REPUBLIKA.CO.ID,JAKARTA - Direktur Jendral Otonomi Daerah Kementerian Dalam Negeri (Kemendagri), Djohermansyah Johan, mengatakan ada dua hal yang perlu dilakukan untuk memperbaiki pelaksanaan Pemilihan Kepala Daerah (Pilkada) di Indonesia.
"Dalam praktiknya terjadi berbagai macam kekurangan dan kelemahan. Itu mengakibatkan kami berpikir untuk memperbaiki itu. Caranya ada dua hal," kata Djo, sapaan akrabnya, saat dihubungi Republika, Ahad (14/9).
Cara pertama, dengan memperbaiki mekanisme rekrutmen pencalonan melalui uji publik. Uji publik menjadi syarat bagi kandidat untuk bisa dicalonkan oleh partai politik yang bersangkutan. Dengan uji publik, diharapkan tidak ada calon yang tidak berkompeten dan tidak berintegritas.
"Uji publik akan menghambat politik dinasti atau politik kekerabatan yang berdasarkan perkawinan dan keturunan. Akan mencegah istri, anak, adik, atau kakak kepala daerah yang bersangkutan mencalonkan," jelasnya.
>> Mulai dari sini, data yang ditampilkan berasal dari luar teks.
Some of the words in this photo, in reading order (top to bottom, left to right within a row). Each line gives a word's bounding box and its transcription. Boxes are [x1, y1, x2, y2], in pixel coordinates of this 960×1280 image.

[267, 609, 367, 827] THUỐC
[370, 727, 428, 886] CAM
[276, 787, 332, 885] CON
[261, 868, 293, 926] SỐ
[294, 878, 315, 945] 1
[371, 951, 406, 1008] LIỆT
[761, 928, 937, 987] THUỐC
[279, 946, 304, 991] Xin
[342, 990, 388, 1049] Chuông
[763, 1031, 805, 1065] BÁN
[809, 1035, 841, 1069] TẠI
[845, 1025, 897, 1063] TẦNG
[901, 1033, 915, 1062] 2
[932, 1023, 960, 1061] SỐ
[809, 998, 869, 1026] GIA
Cara kedua, dengan menekan biaya Pilkada yang dinilai terlalu mahal melalui Pilkada serentak. Nantinya, pada hari yang sama dipilih gubernur, bupati dan wali kota. Masyarakat hanya perlu sekali datang ke tempat pemungutan suara (TPS) untuk nyoblos.
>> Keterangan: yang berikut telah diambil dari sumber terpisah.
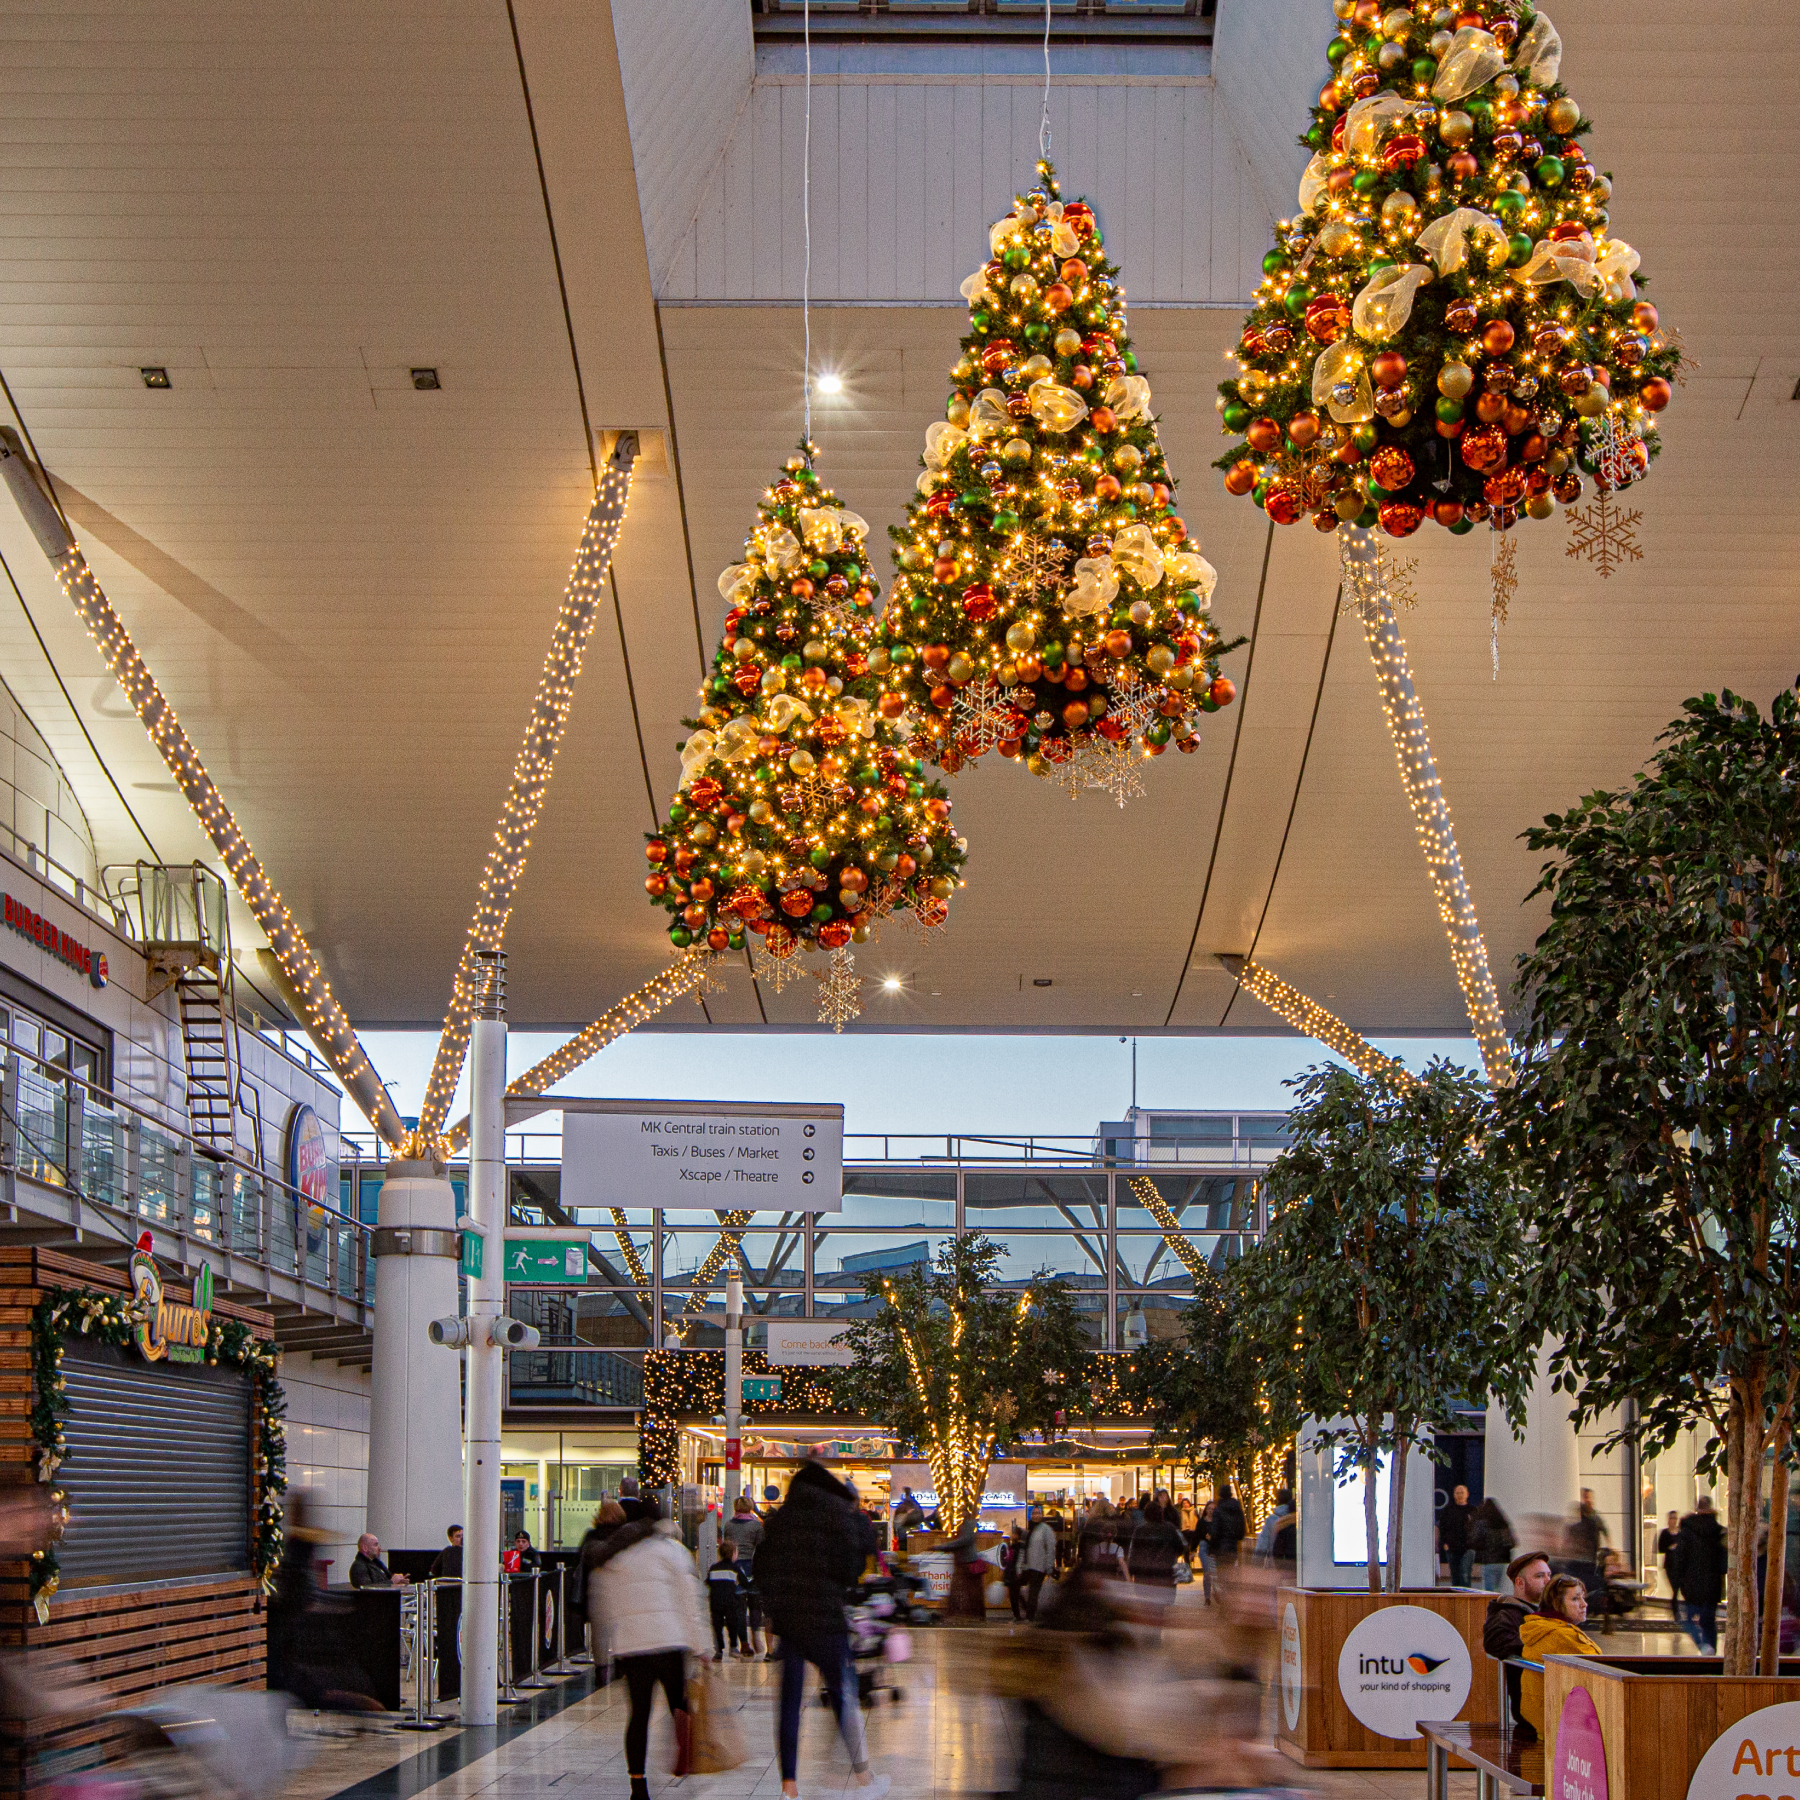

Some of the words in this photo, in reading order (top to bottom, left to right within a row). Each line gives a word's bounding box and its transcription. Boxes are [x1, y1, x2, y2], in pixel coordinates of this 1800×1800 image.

[4, 893, 58, 953] BURGER
[61, 931, 91, 974] KING
[641, 1121, 661, 1133] MK
[664, 1122, 706, 1134] Central
[708, 1123, 735, 1135] train
[738, 1124, 780, 1136] station
[651, 1145, 679, 1157] Taxis
[691, 1146, 725, 1158] Buses
[737, 1147, 780, 1159] Market
[679, 1169, 722, 1183] Xscape
[733, 1170, 779, 1182] Theatre
[781, 1339, 807, 1349] Come
[809, 1340, 830, 1349] back
[929, 1582, 950, 1591] visit
[1359, 1653, 1404, 1675] intu
[1360, 1683, 1379, 1692] your
[1381, 1682, 1399, 1691] kind
[1401, 1681, 1410, 1691] of
[1411, 1682, 1451, 1692] shopping
[1567, 1748, 1580, 1773] Join
[1581, 1759, 1592, 1778] our
"Sehingga negara hanya perlu membayar satu kali kepada KPPS dan petugas-petugas pelakasana," ujarnya.
Selain itu, pelaksanaan Pilkada murah bisa dilakukan melalui pengaturan dana kampanye. Selama ini, dana kampanye dinilai terlalu mahal. Kemendagri telah melakukan kajian pelaksanaan 1.042 Pilkada sejak 1 Juni 2005 sampai 2014.